Kandil is a byword for the leadership of the PKK, whose headquarters are in the Kandil Mountains in northern Iraq. Akdoğan’s message was an apparent response to remarks delivered by senior PKK military leader Murat Karayılan.
If the government-led peace process, which the government prefers to call the resolution process, aimed at ending the three-decade-long conflict between the PKK and Turkey’s security forces eventually reaches its goal, the PKK will hold an expanded congress in April 2015, Karayılan said in remarks delivered to Rojnews, a media outlet based in Iraqi Kurdistan, on Dec. 23.
“If the peace process achieves its goal, [jailed PKK leader] Abdullah Öcalan will also attend the congress that will be held in April 2015,” Karayılan was quoted as saying by Rojnews.
His remarks came only a day after both the government and the Peoples’ Democratic Party (HDP) simultaneously announced the stalled peace process had entered a “new phase,” with the HDP emphasizing that Öcalan will assume a more central role in the new phase.
According to Akdoğan, however, Karayılan’s statement was not opportune.
“It is an anachronistic situation,” Akdoğan said in his message on Twitter. “They are either lingering on the past or scattered by a small future or dream. Those who wake up to yesterday everyday cannot live in the present,” he added.
In the same statement delivered by Rojnews, Karayılan told the Justice and Development Party (AKP) government to stick to the “draft negotiation framework,” which is at the center of the peace process after being drawn up by Öcalan and shared with both the HDP and the PKK leadership in the Kandil Mountains.
“We are ready for Öcalan’s resolution draft. Everybody should know that if the AKP continues like this, then it means that it is turning its face toward war,” Karayılan said.
Karayılan’s tone was shared by Cemil Bayık, co-chair of the Kurdistan Communities Union (KCK), a supra organization that includes the PKK, in an interview aired on Dec. 22.
The government has been constantly stalling the process, Bayık told the İMC TV channel.
“We set a timeline in order to prevent, yet again, the stalling and deception,” Bayık said, adding that they would disclose Öcalan’s “Democratic Solution and Negotiation Draft” if the government fails to stick to the timeline.
“A very short time is left before the elections,” Bayık said, referring to parliamentary elections scheduled for June 2015. “Moreover, [the date of the elections] may be brought forward because of various reasons. We would not accept it, if the AKP says ‘There is no time, we cannot hold negotiations and they should be put off until after the elections. Whatever happened on Oct. 8, similar things may happen again,” Bayık added, in a reference to street violence in early October which claimed dozens of lives in country-wide protests against the government’s perceived inaction over the Islamic Republic of Iraq and the Levant’s (ISIL) assault on the Kurdish-populated town of Kobane in northern Syria, near the border with Turkey.

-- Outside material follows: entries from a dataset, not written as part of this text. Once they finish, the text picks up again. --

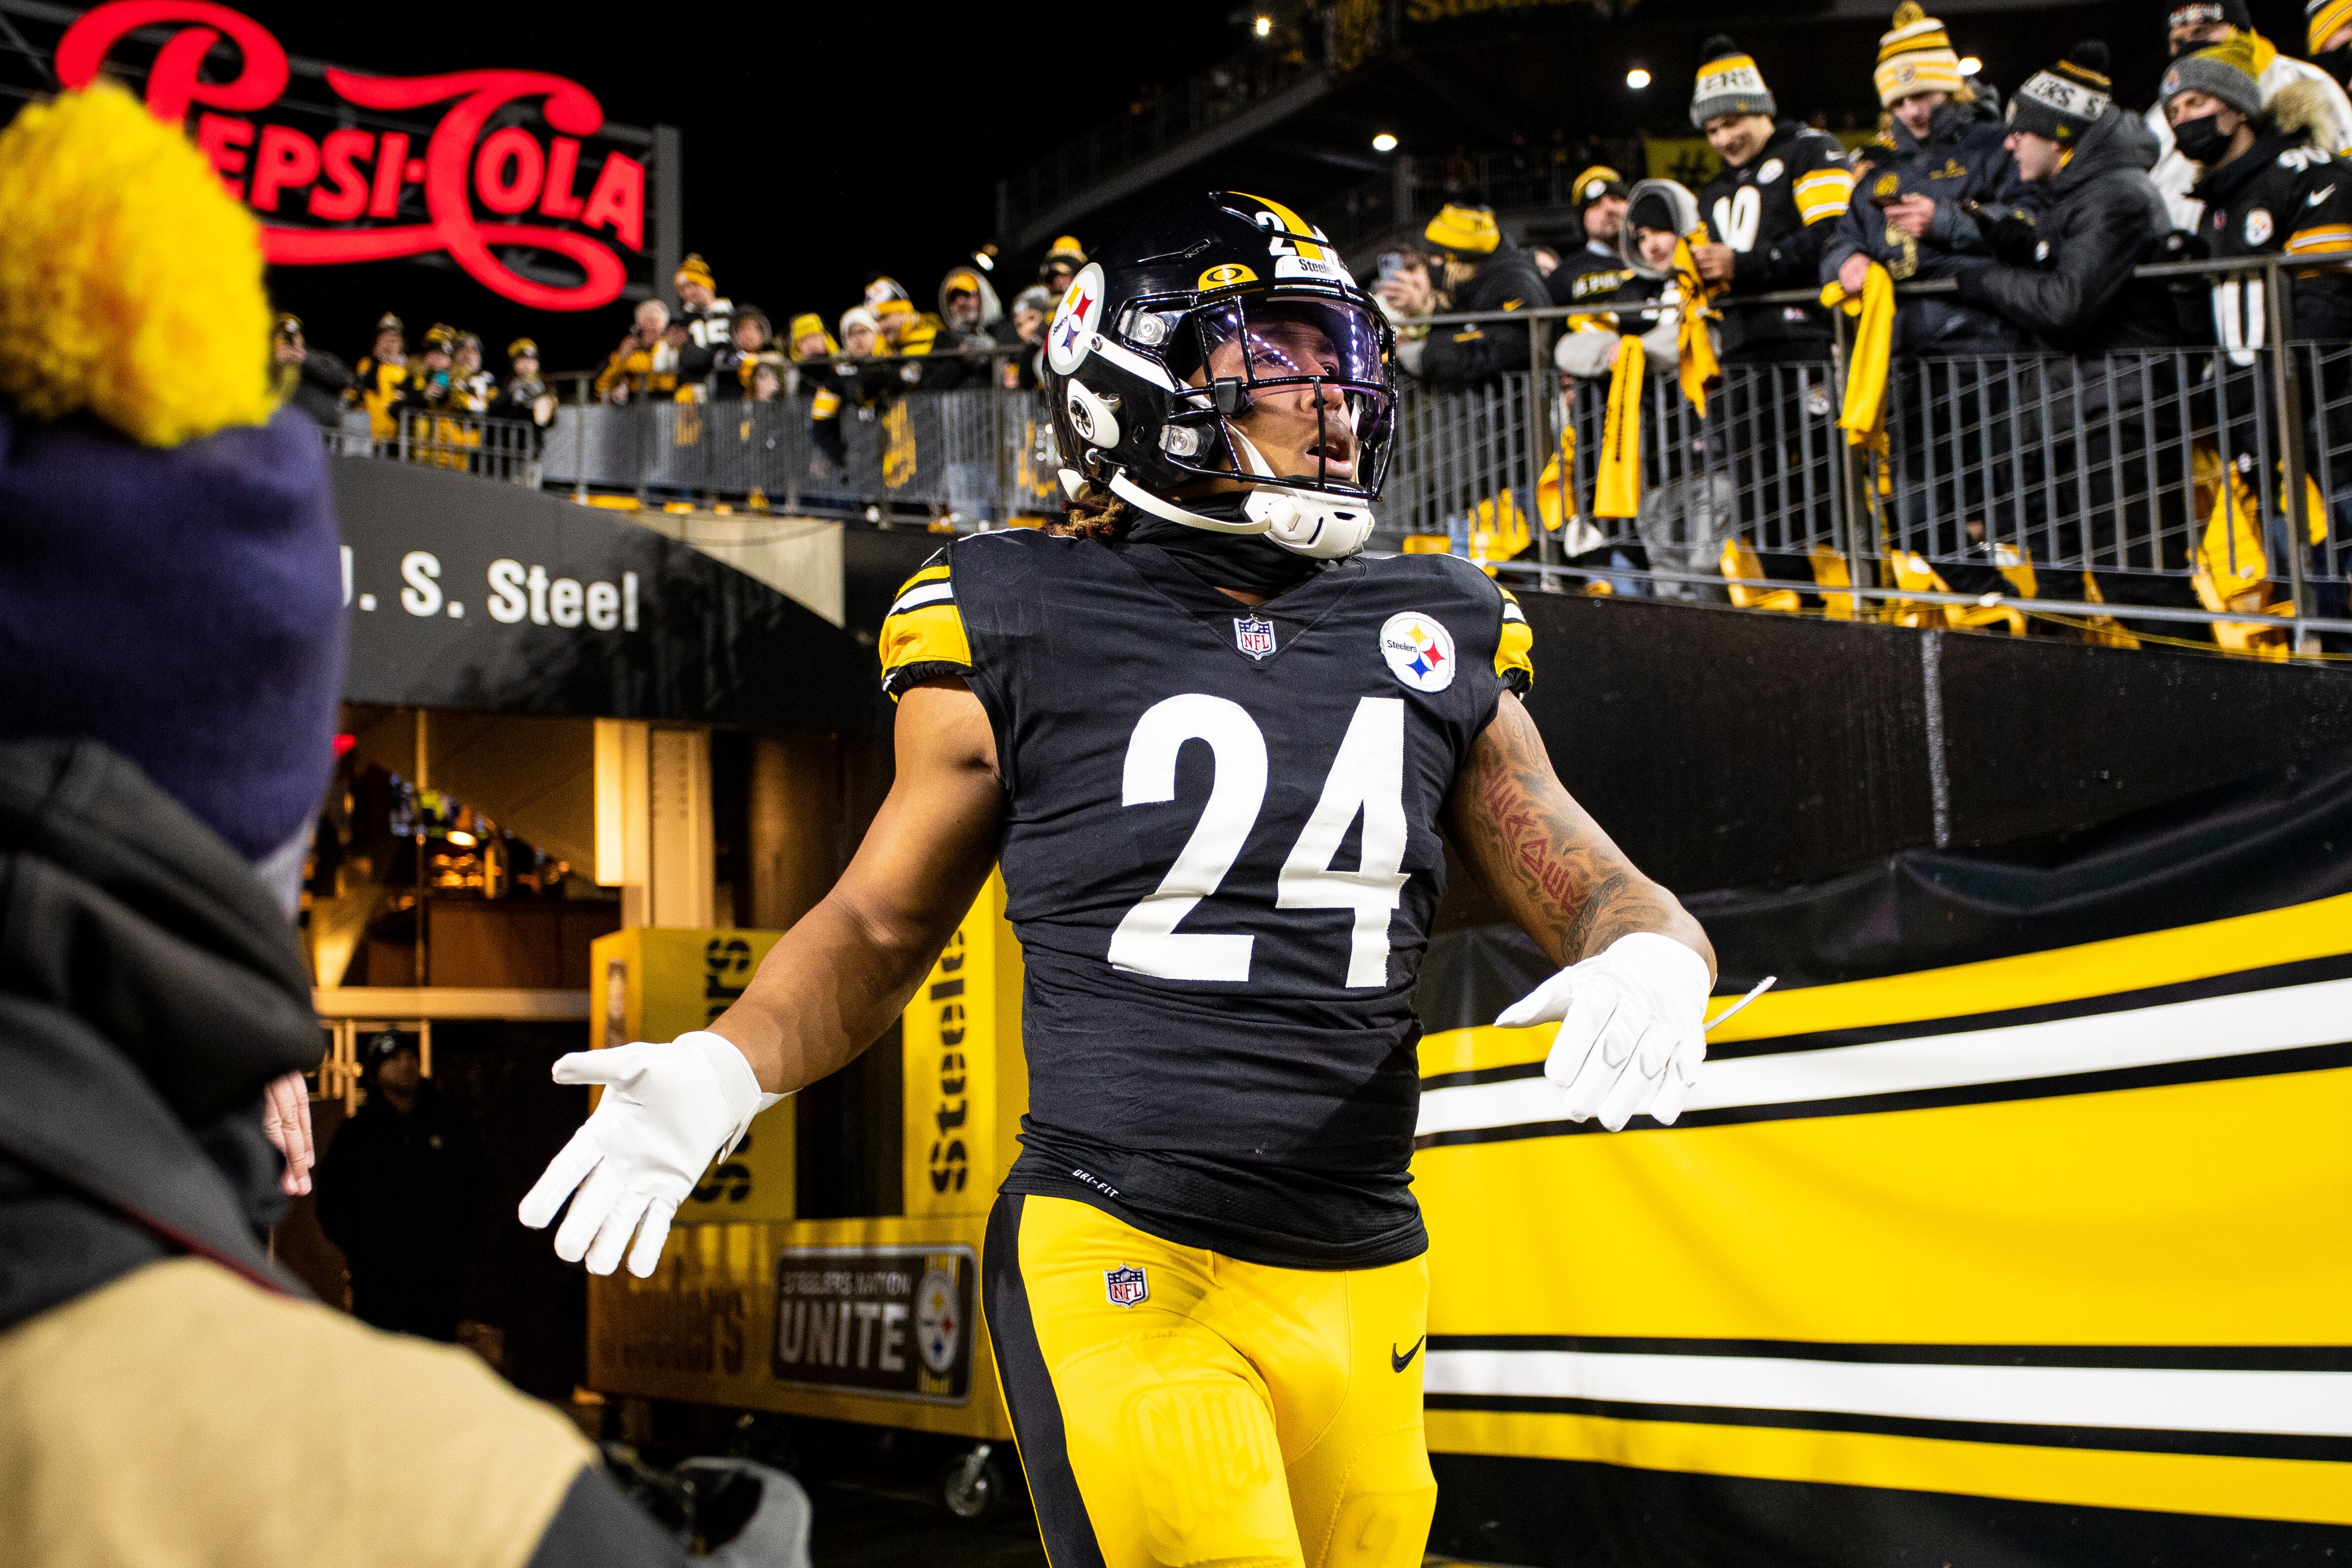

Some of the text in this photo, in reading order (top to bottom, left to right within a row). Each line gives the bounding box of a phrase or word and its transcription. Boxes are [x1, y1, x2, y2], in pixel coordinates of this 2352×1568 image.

[400, 551, 465, 618] S.
[487, 558, 639, 633] Steel
[1243, 634, 1270, 651] NFL
[1387, 640, 1417, 653] Steelers
[1107, 693, 1410, 988] 24
[1073, 1169, 1119, 1198] DRI-FIT
[1112, 1283, 1142, 1301] NFL
[779, 1299, 911, 1373] UNITE

Amid the mutual exchange of such warning messages, a HDP delegation Dec. 24 departed for the Kandil Mountains in order to evaluate the state of affairs surrounding the peace process with executives of the KCK.
The HDP delegation was composed of HDP Istanbul deputy Sırrı Süreyya Önder, independent Diyarbakır deputy Leyla Zana and Democratic Society Congress (DTK) co-chair Hatip Dicle.

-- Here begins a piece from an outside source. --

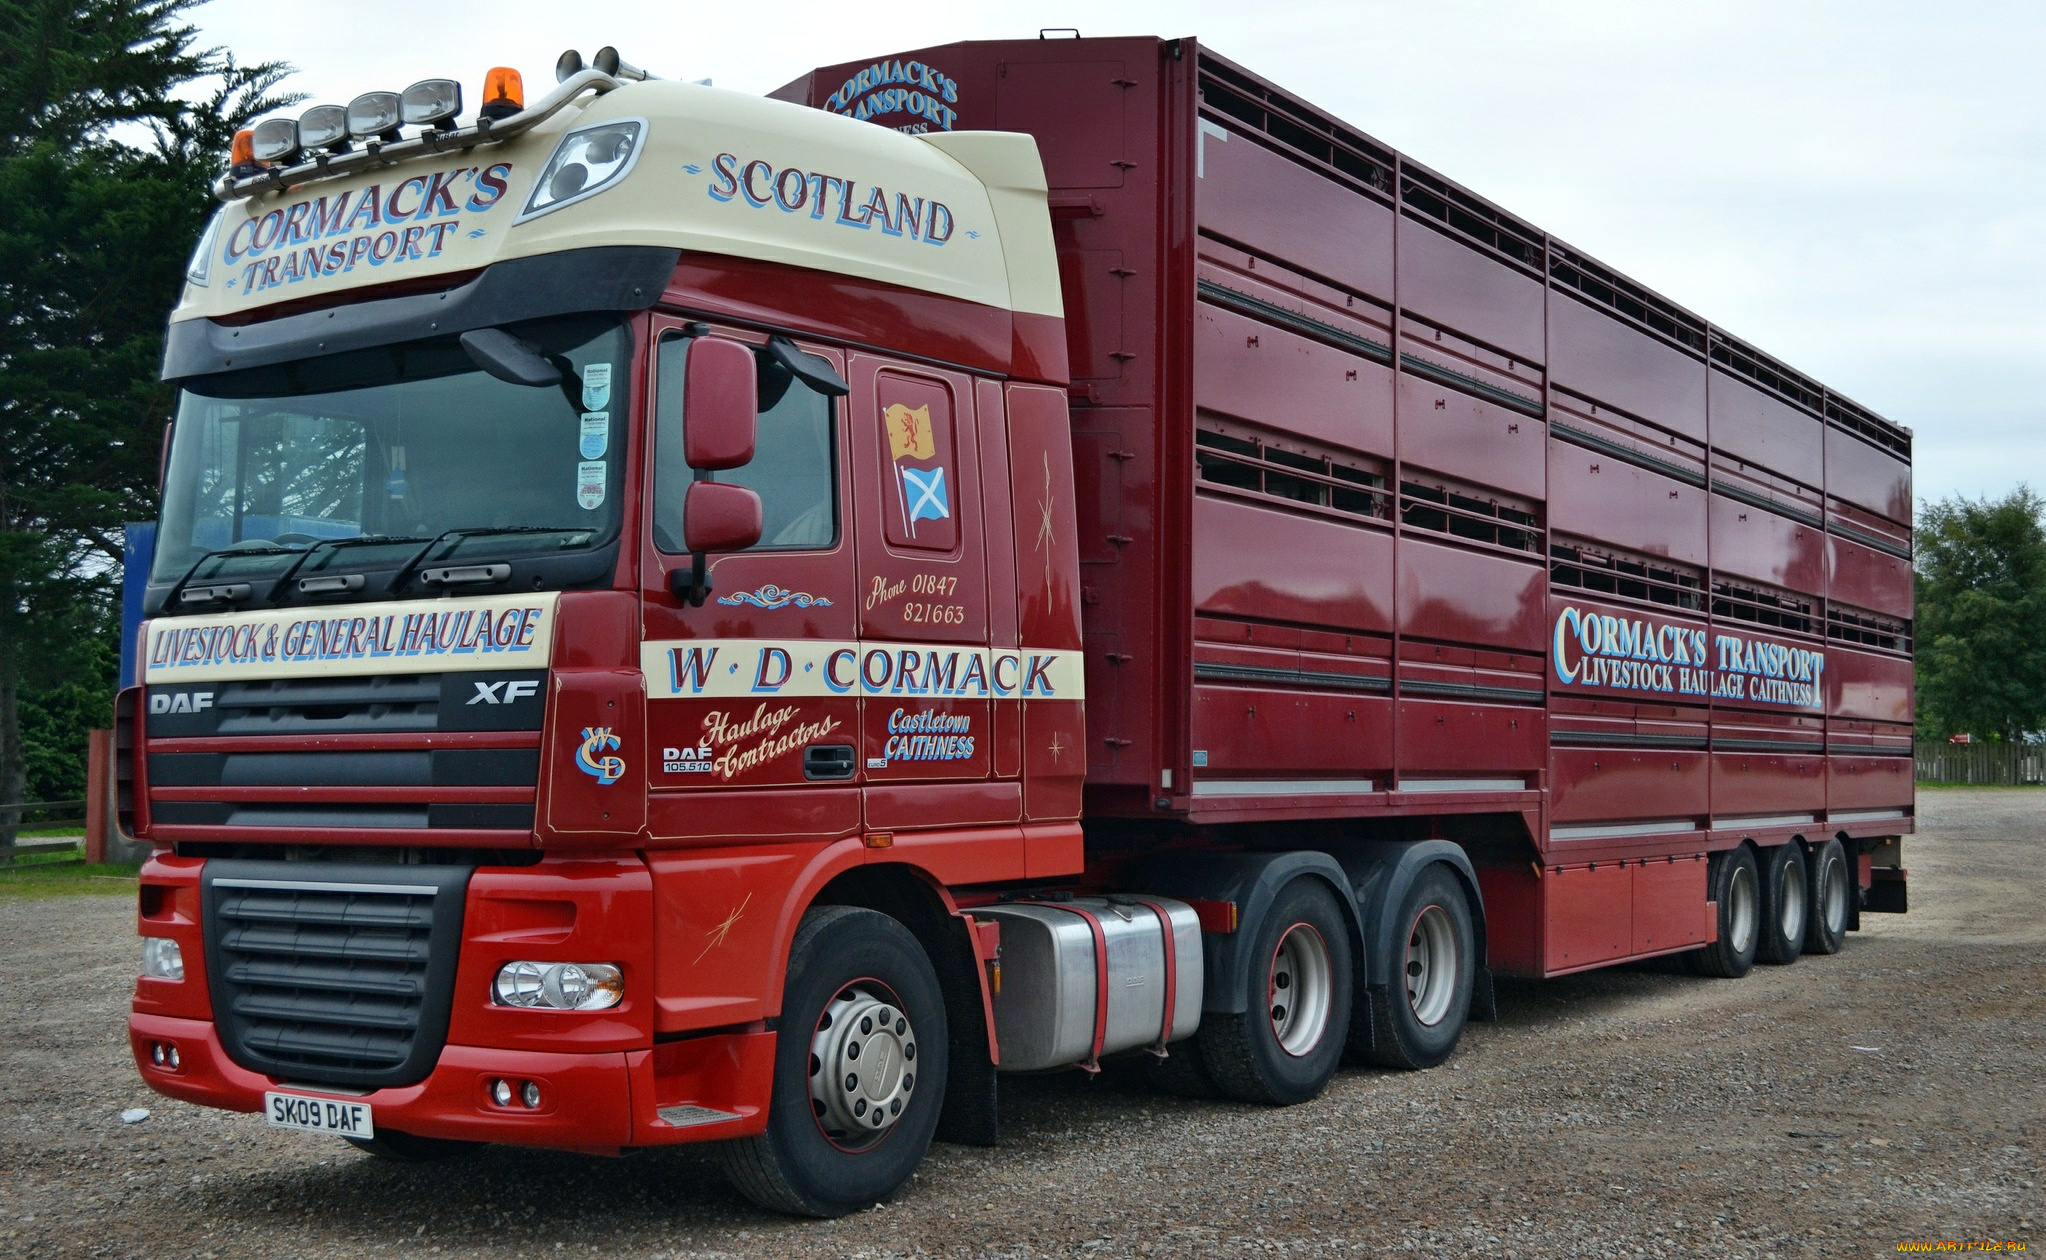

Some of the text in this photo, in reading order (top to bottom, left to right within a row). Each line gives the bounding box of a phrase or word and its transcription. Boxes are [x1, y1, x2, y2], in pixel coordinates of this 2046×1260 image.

In the Thracian province of Edirne, Prime Minister Ahmet Davutoğlu underlined the importance his government attaches to maintaining public order, while reiterating their firm will to resume the resolution process.
The debate between the government and the HDP executives over public order and security reached a fever pitch after the October unrest.

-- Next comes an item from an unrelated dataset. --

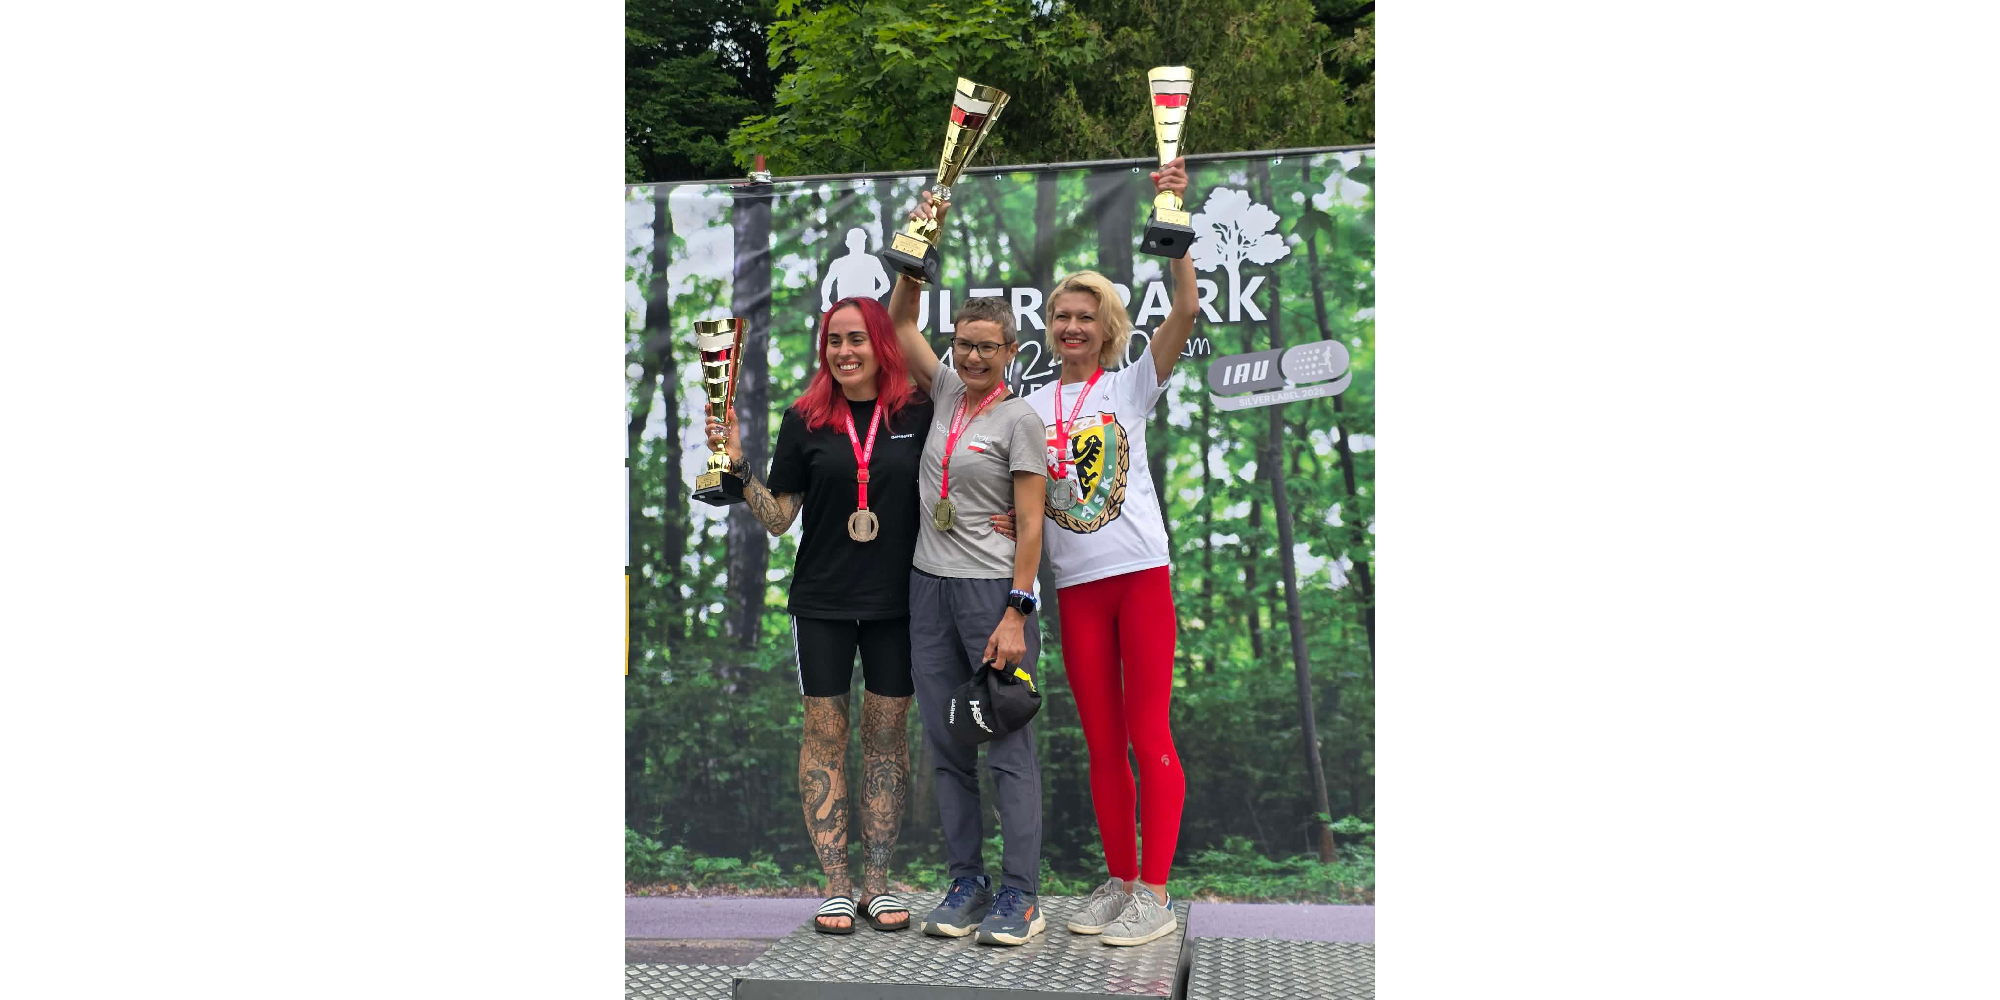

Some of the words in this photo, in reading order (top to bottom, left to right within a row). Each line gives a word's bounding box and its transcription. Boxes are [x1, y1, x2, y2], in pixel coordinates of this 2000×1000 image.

“For us, the resolution process is a new integration process crowned with democracy for the revival of national unity and togetherness,” Davutoğlu told at an expanded meeting of his ruling party’s provincial chairs, as he dubbed the stagnation within the process which stemmed from street unrests as “temporary.”
“When a concession is made on public order, then the resolution process cannot operate either,” he said. “Public order will be and has been completely built in each and every province, district, town and village of Turkey, from Edirne to Hakkari; and it will be continuously protected.”